# VLSI Lab 5

Nicky Advokaat - 0740567 - n.advokaat@student.tue.nl Marcel Moreaux - 0499480 - m.l.moreaux@student.tue.nl

 $4^{\rm rd}$  quartile, 2014

#### Abstract

This report contains solutions for the problems described in Assignment L5 for the course VLSI Programming.

# Contents

| 1 | Problem Specification and Requirements                 | 2                |
|---|--------------------------------------------------------|------------------|
| 2 | Solution         2.1 Idea          2.2 Implementation  | 2<br>2<br>4      |
| 3 | Results 3.1 Resource Usage                             |                  |
| 4 | Appendix A: Answers to inline questions 4.1 Question 1 | 7<br>7<br>7<br>7 |
| 5 | Appendix B: Verilog source code                        | 7                |

### 1 Problem Specification and Requirements

We need to implement an upscaler that can process n streams at once, where all streams have the same sample rate and the same upscaling factor. This means we can reuse most of our code from L4 in which we created a single stream upscaler. The calculations performed for each stream are the same as for a single stream, so we just need to store more inputs and interleave the filtering. The coefficients and the way they are stored are equal can be copied from assignment L4 as well. The upscaler has the following requirements:

- The system must run at 100 MHz.
- The system can handle at least 128 streams, but preferably more. We will incrementally test the filter on the number of input streams.
- All streams are correctly upscaled from 44.1 kHZ to 48 kHZ and outputted in the correct order.

#### 2 Solution

In this section we describe the key ideas behind our design, and the decisions we made during the design process.

#### 2.1 Idea

Figure 1 shows an architecture diagram of our design.

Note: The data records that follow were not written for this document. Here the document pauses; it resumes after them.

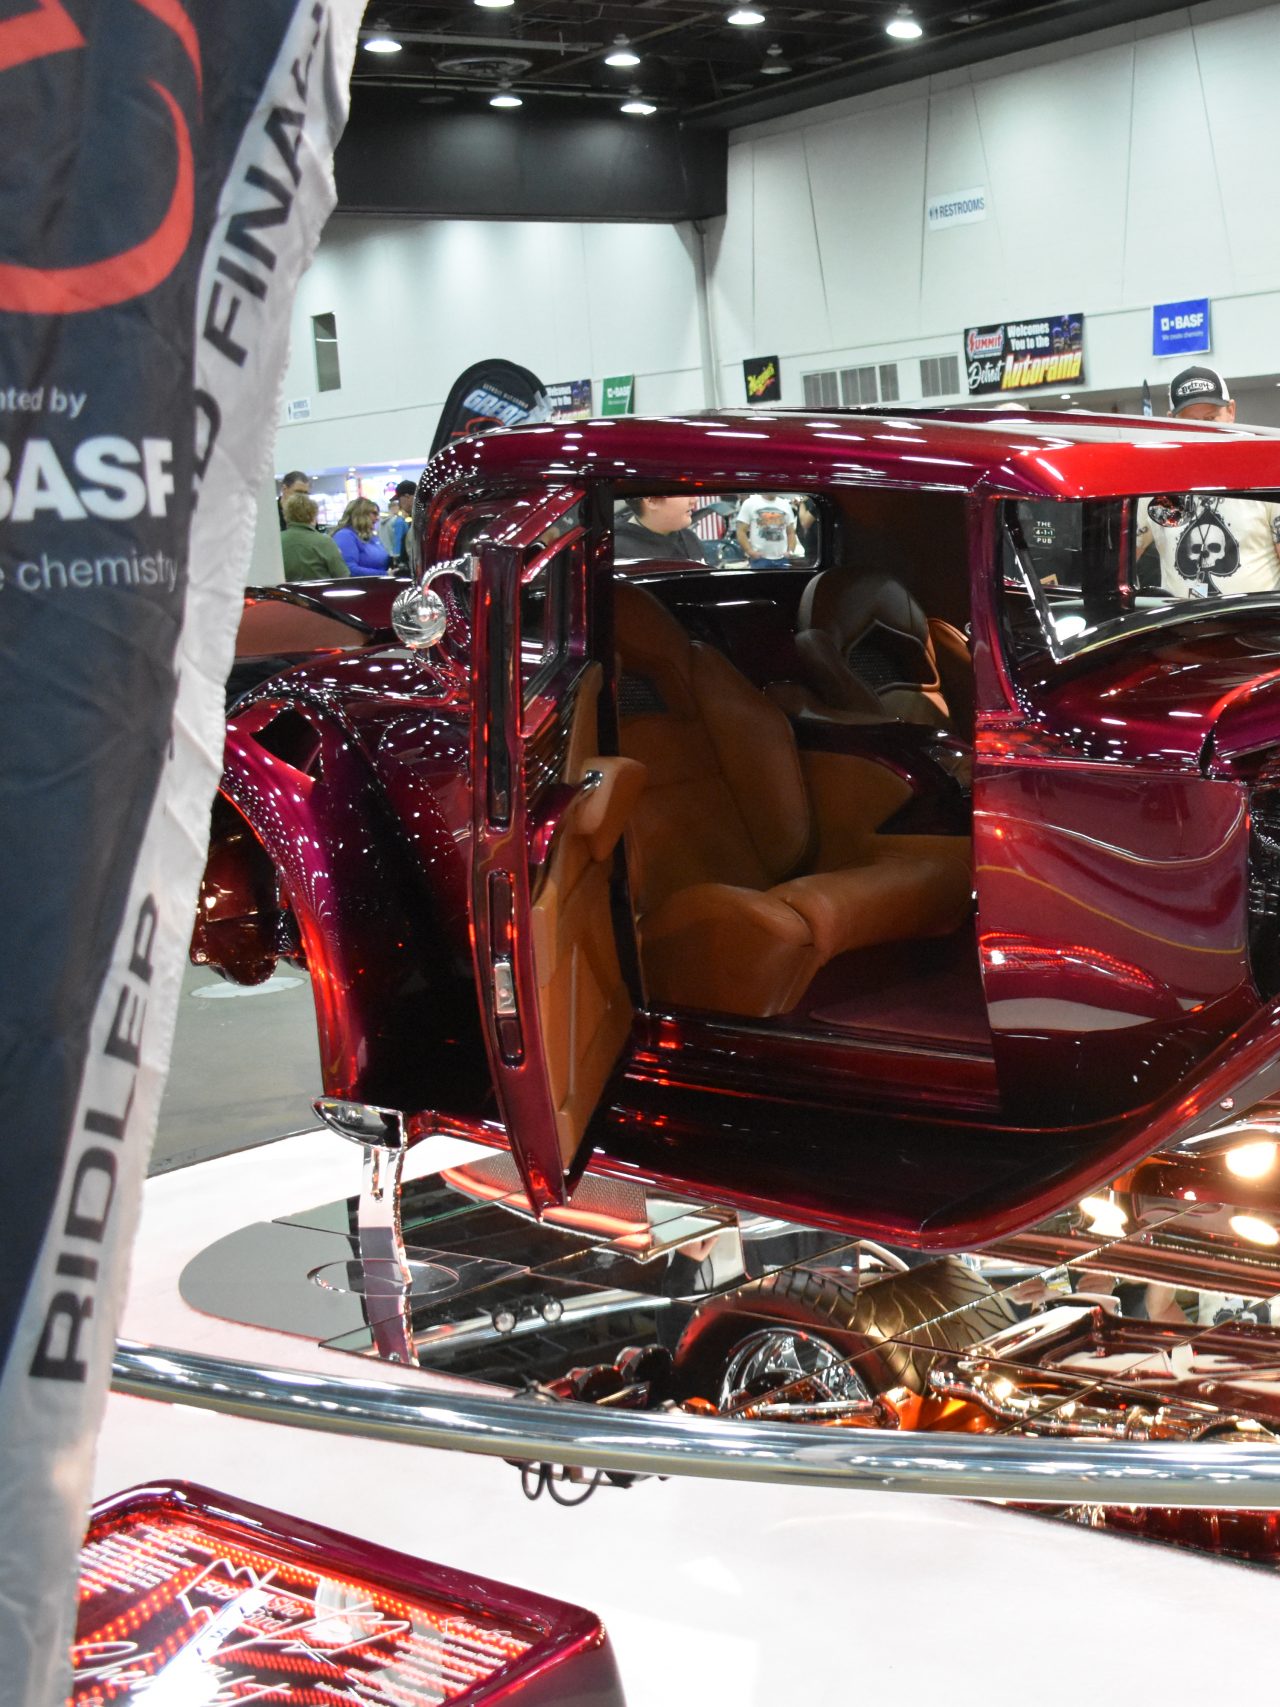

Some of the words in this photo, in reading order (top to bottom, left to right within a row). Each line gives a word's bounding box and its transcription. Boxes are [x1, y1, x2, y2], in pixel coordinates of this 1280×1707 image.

[939, 197, 985, 218] RESTROOMS
[1007, 322, 1050, 338] Welcomes
[1174, 312, 1204, 330] BASF
[967, 329, 1003, 353] SUMMIT
[1011, 338, 1025, 351] You
[1027, 337, 1035, 349] to
[1036, 335, 1050, 348] the
[1002, 350, 1082, 390] Autorama
[50, 385, 88, 419] by
[463, 389, 530, 426] GREAT
[0, 435, 176, 522] ASF
[17, 548, 177, 592] chemistry
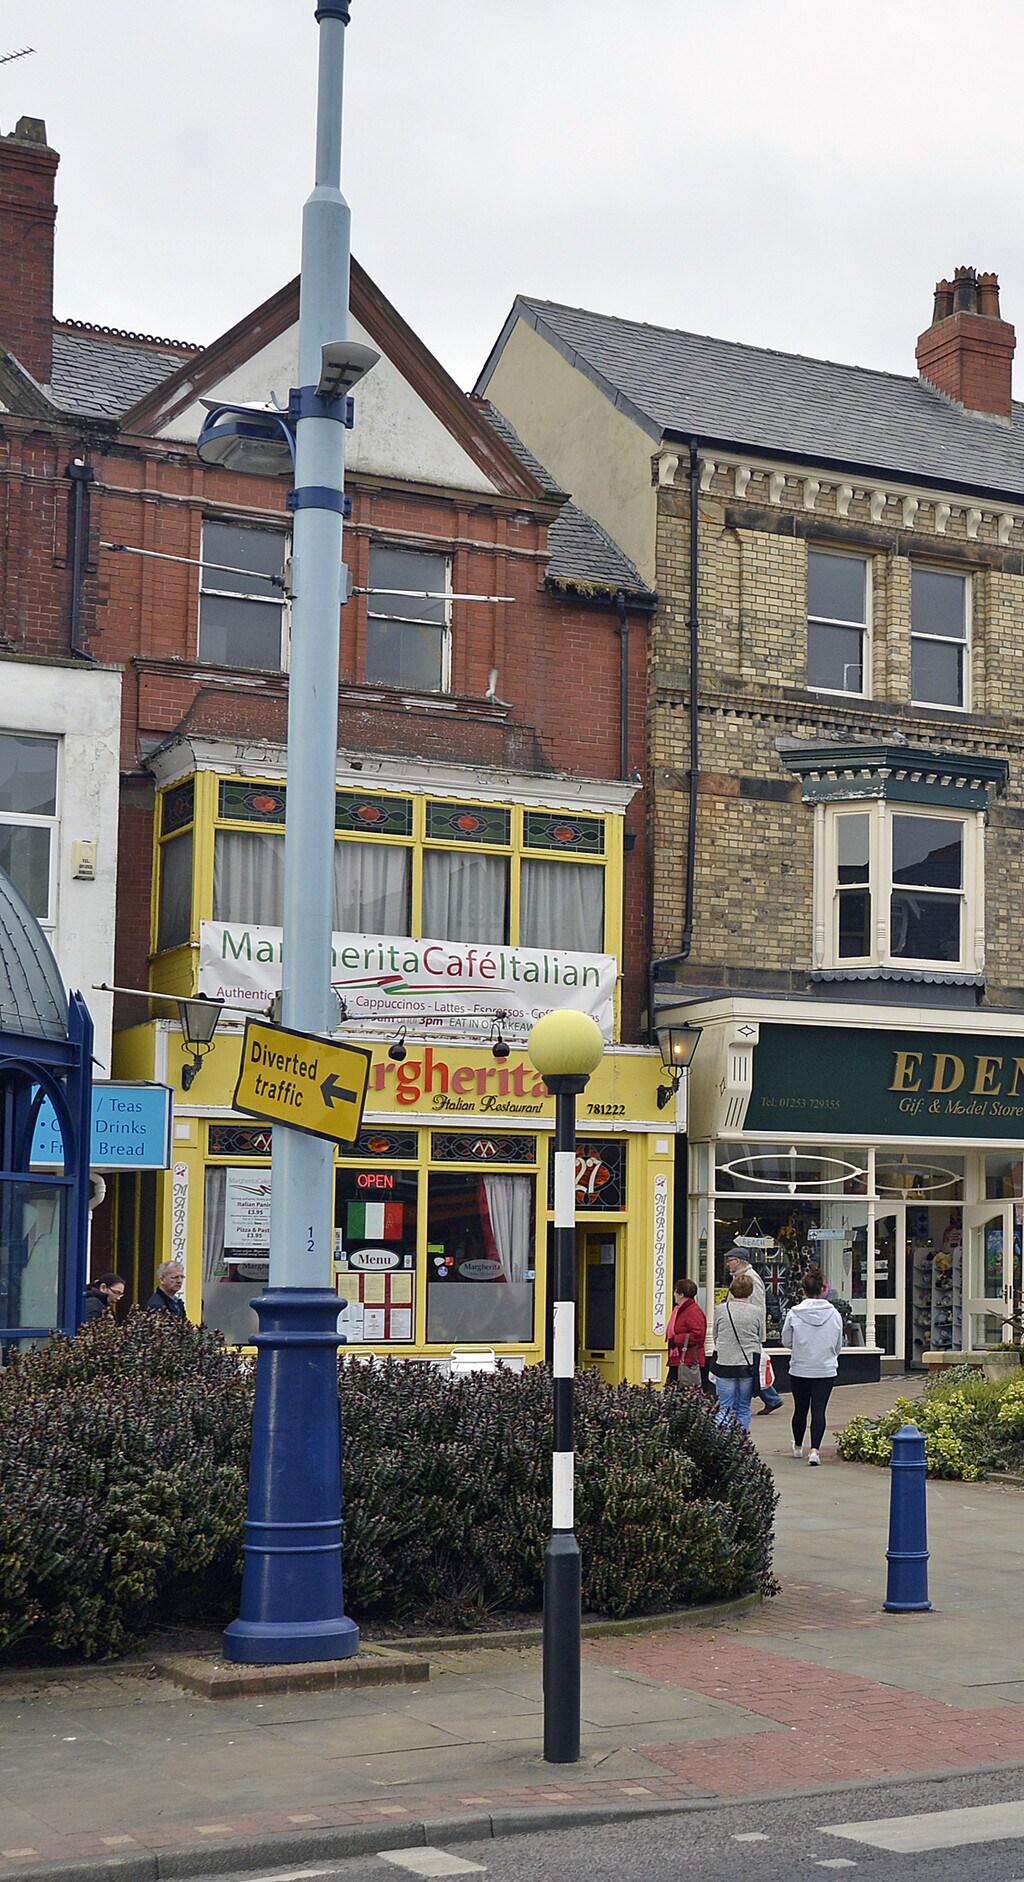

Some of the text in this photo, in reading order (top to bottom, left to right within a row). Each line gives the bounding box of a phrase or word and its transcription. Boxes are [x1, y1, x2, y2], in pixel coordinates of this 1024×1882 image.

[222, 930, 600, 987] MaeritaCaféItalian
[217, 986, 274, 1001] Authentic
[356, 996, 425, 1011] Cappuccinos
[434, 1001, 465, 1014] Lattes
[419, 1016, 443, 1027] 3pm
[450, 1018, 467, 1028] EAT
[469, 1019, 479, 1028] IN
[498, 1021, 533, 1032] TAKEAW
[251, 1041, 318, 1081] Diverted
[367, 1048, 555, 1105] rgherita
[255, 1074, 303, 1107] traffic
[109, 1098, 143, 1113] Teas
[432, 1094, 544, 1114] Italian Restaurant
[587, 1103, 626, 1116] 781222
[779, 1098, 806, 1108] 01253
[808, 1099, 840, 1110] 729355
[928, 1098, 941, 1113] &
[945, 1100, 988, 1116] Model
[989, 1101, 1024, 1117] Store
[95, 1119, 147, 1135] Drinks
[99, 1141, 145, 1156] Bread
[357, 1173, 394, 1189] OPEN
[575, 1157, 602, 1193] 27
[358, 1253, 392, 1265] Menu
[654, 1193, 667, 1316] MARGHERITA
[463, 1263, 501, 1272] Margherita

To store the last 4 input values for each of the streams, we allocate 4 arrays of size n in BRAM. When input is ready we move the contents of the  $i^{th}$  array to the  $(i+1)^{th}$  for  $0 \le i < 4$ , and store the input value corresponding to jth stream to the  $j^{th}$  block of array 0. The filtering happens as follows. For  $0 \le i < n$  and  $0 \le j < 4$  we load the  $i^{th}$  value from the  $j^{th}$  array from the input buffer arrays. These 4 values are used as input values for the FIR, together with the corresponding coefficients according to the direct equation for the filter. The values from the array are requested one clock cycle before they are needed in the computation, since reads in the BRAM are performed synchronously. As seen in the diagram, we use 4 multipliers in parallel. Alternatively we could have used one multiplier doing 4 sequential operations for each sample, but we decided to optimize for throughput and not for hardware usage.

The coefficients h[] are the same as in lab L4 and because they are symmetric we store only 2L + 1 of them.

The input storing and FIR processing for each stream happens in the same clock cycle, so that we could theoretically produce one output per clock cycle.



Figure 1: Architecture diagram of the system.  $\,$ 

#### 2.2 Implementation

#### 3 Results

### 3.1 Resource Usage

### 3.2 Properties

ISE report the following timing statistics for our design with n = 1024.

• Synthesis report

- Minimum period: 14.714ns

- Maximum Frequency: 67.961MHz

• Post-PAR static timing report

- Minimum period: 16.155ns

- Maximum frequency: 61.900MHz

This leaves us with a maximum frequency that is lower than 100 MHz. But because we produce output every clock cycle, we can still process 1024 streams at once. Therefore the 100 MHz requirement does not seem very important, it does however mean that we can not compile our design on the ngrid server.

### 3.3 Analysis of Filter Output

In this section we will show correctness of the upscaler by analyzing the input and output. Figure 2 shows the first part of the input and output signal. There is a finite amount of startup noise, indicated by the first part of the output signal being zero. It also shows the latency of the system, the output signal has some delay compared to the input signal. But except for those differences the signals appear identical. In figure 3 we see another plot of the input and output signal. In this plot we have shifted the output signal by -3 samples, and there are dots indicating the samples. We can now see that the output signal has a higher sample frequency than the input signal.



Figure 2: Plot of the first part of the original signal (red) and the signal after filtering (blue).



Figure 3: Plot of part of the original signal (red) and the signal after filtering (blue) with dots indicating the samples.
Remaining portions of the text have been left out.